Süddeutsche Zeitung

Steinhöringer Werkstätten:"Für uns ist es ein ganz großer Schock"

Mitarbeiter des Einrichtungsverbund Steinhöring stellen sich gegen die Kündigung ihrer langjährigen Chefin Gertrud Hanslmeier-Prockl. Es kommt zum Gerichtsprozess.

Von Viktoria Spinrad, Steinhöring

"Ein großer Schock", "als wäre jemand gestorben", "niemand versteht das": Nach der Entlassung ihrer langjährigen und beliebten Chefin begehren Mitarbeiter des Einrichtungsverbunds Steinhöring nun gegen den Träger auf. Am Dienstag haben Mitarbeiter eine Unterschriftenaktion gestartet, um sich für den Verbleib ihrer geschassten Vorgesetzten Gertrud Hanslmeier-Prockl einzusetzen.

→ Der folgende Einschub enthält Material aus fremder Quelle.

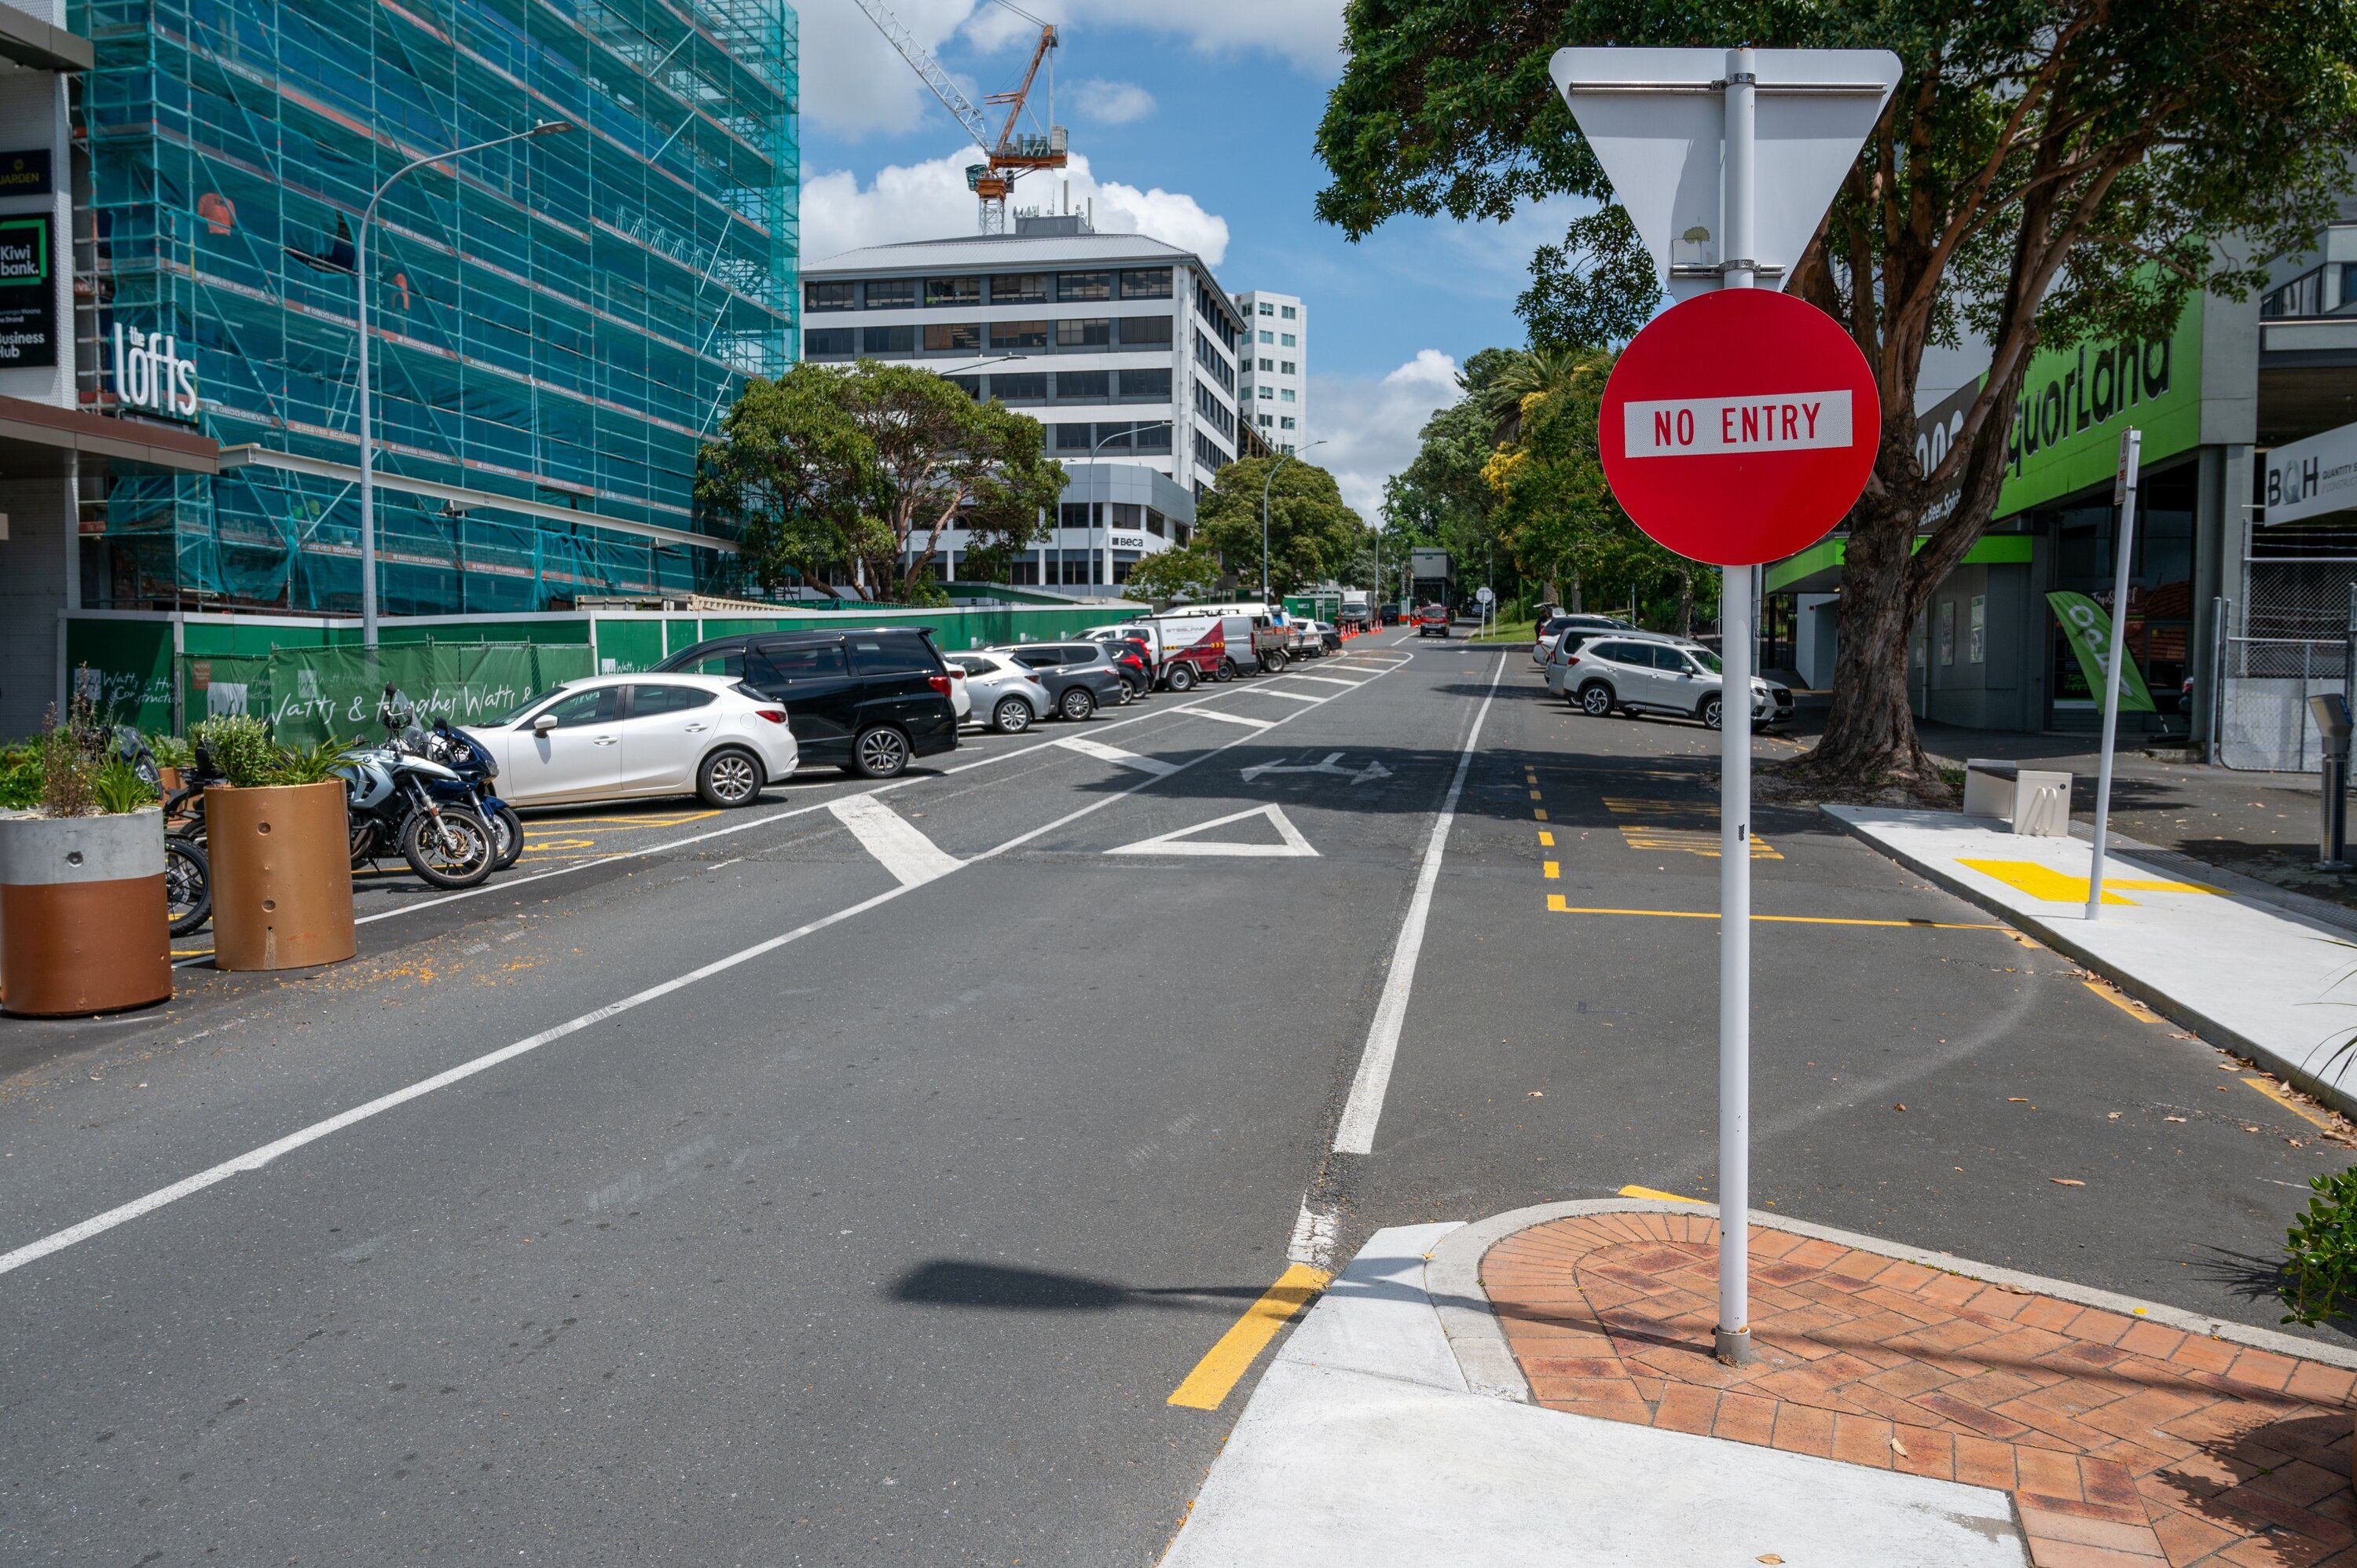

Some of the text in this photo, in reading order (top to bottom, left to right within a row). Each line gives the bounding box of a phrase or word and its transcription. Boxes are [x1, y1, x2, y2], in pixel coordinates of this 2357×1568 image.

[1, 244, 31, 260] Kiwi
[1, 260, 39, 275] bank.
[0, 332, 45, 344] usiness
[129, 325, 145, 347] the
[114, 321, 196, 416] lofts
[1655, 403, 1820, 446] NO ENTRY
[2268, 456, 2319, 507] BQH
[1120, 537, 1143, 547] Beca
[348, 696, 367, 721] &
[464, 684, 515, 717] Watts

Wie viele von ihnen am Montag überrascht erfuhren, hat die Katholische Jugendfürsorge der Erzdiözese München und Freising (KJF) dieser "wegen unüberbrückbarer Differenzen" gekündigt. Erfahren haben die Mitarbeiter das in einer kurzen Mitteilung per E-Mail. Darin heißt es, dass die Differenzen "trotz intensiver Bemühungen der Vereinsführung in einer Vielzahl von Gesprächen nicht ausgeräumt werden konnten".

Es ist eine umstrittene Entscheidung, für die die etwa 900 Mitarbeiter des Einrichtungsverbunds offenbar wenig Verständnis haben. "Für uns ist es ein ganz großer Schock. Sie hat Tabuthemen wie Homosexualität aufgebrochen und war immer offen für einen Kompromiss", heißt es aus Mitarbeiterkreisen. Hanslmeier-Prockl habe die Mitarbeiter ernstgenommen, jeden ungeachtet von Hierarchien gleich behandelt und viele Projekte angestoßen: "Sie hat bei vielen Leuten ein Bewusstsein dafür geschaffen, warum wir tun, was wir tun."

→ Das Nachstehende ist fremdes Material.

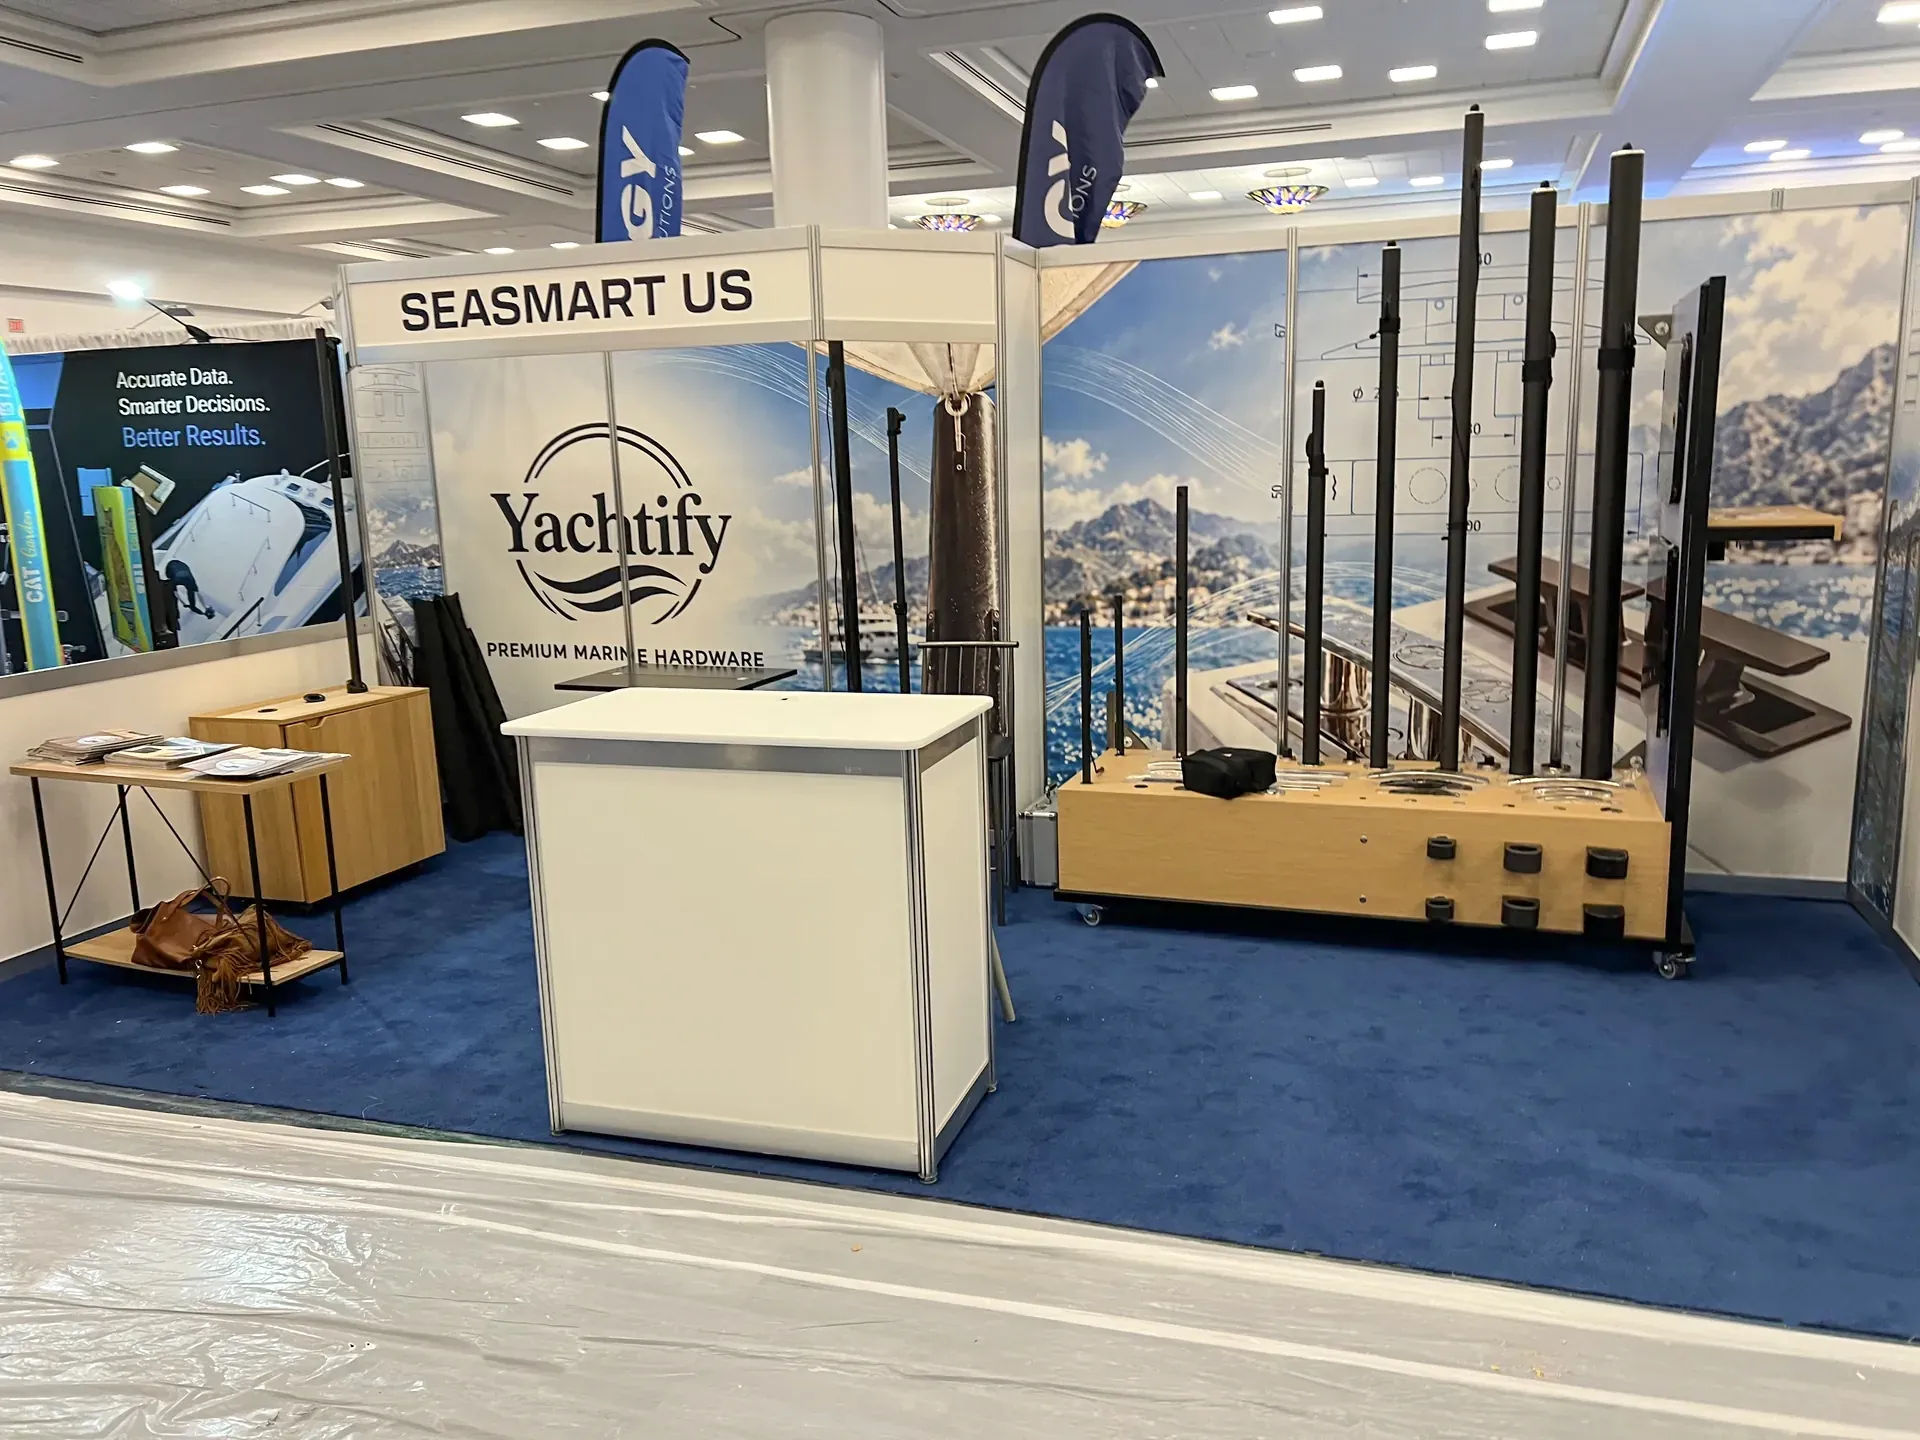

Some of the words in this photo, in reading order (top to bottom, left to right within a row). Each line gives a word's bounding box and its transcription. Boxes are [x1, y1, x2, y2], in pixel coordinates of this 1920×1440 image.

[401, 275, 666, 331] SEASMART
[682, 269, 753, 314] US
[116, 371, 187, 389] Accurate
[190, 368, 234, 386] Data.
[118, 398, 183, 416] Smarter
[185, 394, 271, 413] Decisions.
[122, 427, 181, 448] Better
[186, 423, 266, 446] Results.
[489, 491, 732, 575] Yachtify
[22, 566, 44, 603] CAT
[487, 642, 567, 659] PREMIUM
[574, 645, 648, 664] MARINE
[655, 649, 765, 667] HARDWARE

Wie passt das mit der Kündigung zusammen? Mitarbeiter sprechen von "Majestätsbeleidigung". Hanslmeier-Prockl soll dem Aufsichtsrat gegenüber rote Zahlen im Kinder- und Jugendhilfeverbund (EVKJ) angesprochen und Vorschläge zur Neuausrichtung der EVKJ gemacht haben. Ein persönlicher Affront als Kündigungsgrund? Der Träger hält sich hier mit einem Verweis auf den Datenschutz bedeckt. Zu erfahren ist auch nicht, ob der Steinhöringer Einrichtungsverbund tatsächlich als einziger rentabel gearbeitet hat. "Was wir sagen können ist, dass die Katholische Jugendfürsorge in ihrer Gesamtheit wirtschaftlich stabil dasteht", so die Sprecherin. Zur Kündigung ist nur zu erfahren, dass diese Entscheidung in Aufsichtsrat und Vorstand einstimmig erfolgte und diesem auch nicht leicht gefallen sei. "Das Arbeitsverhältnis ist zerrüttet. Die Entscheidung musste getroffen werden", so die Sprecherin.

Kritik an der Kündigung kommt auch vom Förderverein des Steinhöringer Einrichtungsverbunds. Gertrud Hanslmeier-Prockl habe die Vorschläge einzig und allein gemacht, "um Schaden von der KJF abzuwenden", so die Vorsitzende Ursula Bittner. Unter ihrer Leitung sei der Steinhöringer Einrichtungsverbund "zu einem Erfolgsmodell" geworden. Bittner spricht von einer "hoch angesehenen Gesamtleiterin" bei Verbänden, Kostenträgern, Politik und Mitarbeitern sowie einer "Vordenkerin und Identifikationsfigur". Derzeit liefen wichtige Umstrukturierungen, Angebots-Erweiterungen und Vertragsverhandlungen mit den Kostenträgern, "die ihre Anwesenheit dringend erforderlich machen." Dass sich der Träger von einer "so kompetenten Kraft" trenne, sei "vollkommen unverständlich."

Während sich der Träger auf die vor dem Münchner Arbeitsgericht anstehende Güteverhandlung vorbereiten dürfte, kritisieren Mitarbeiter auch dessen Informationspolitik. Von mehreren Mitarbeitern ist zu hören, dass sie sich eine Betriebsversammlung gewünscht hätten, in der der Vorstand Rede und Antwort gestanden hätte. Eine solche Veranstaltung war laut Träger aber nicht möglich: "Die Entscheidung musste schnell an die Mitarbeiter gehen. Eine Betriebsversammlung hätte sehr viel länger gedauert." Zumal man dann in jeder Einrichtung eine Betriebsversammlung hätte veranstalten müssen: "Das wäre mit einem enormen zeitlichen Aufwand verbunden gewesen", so die Sprecherin.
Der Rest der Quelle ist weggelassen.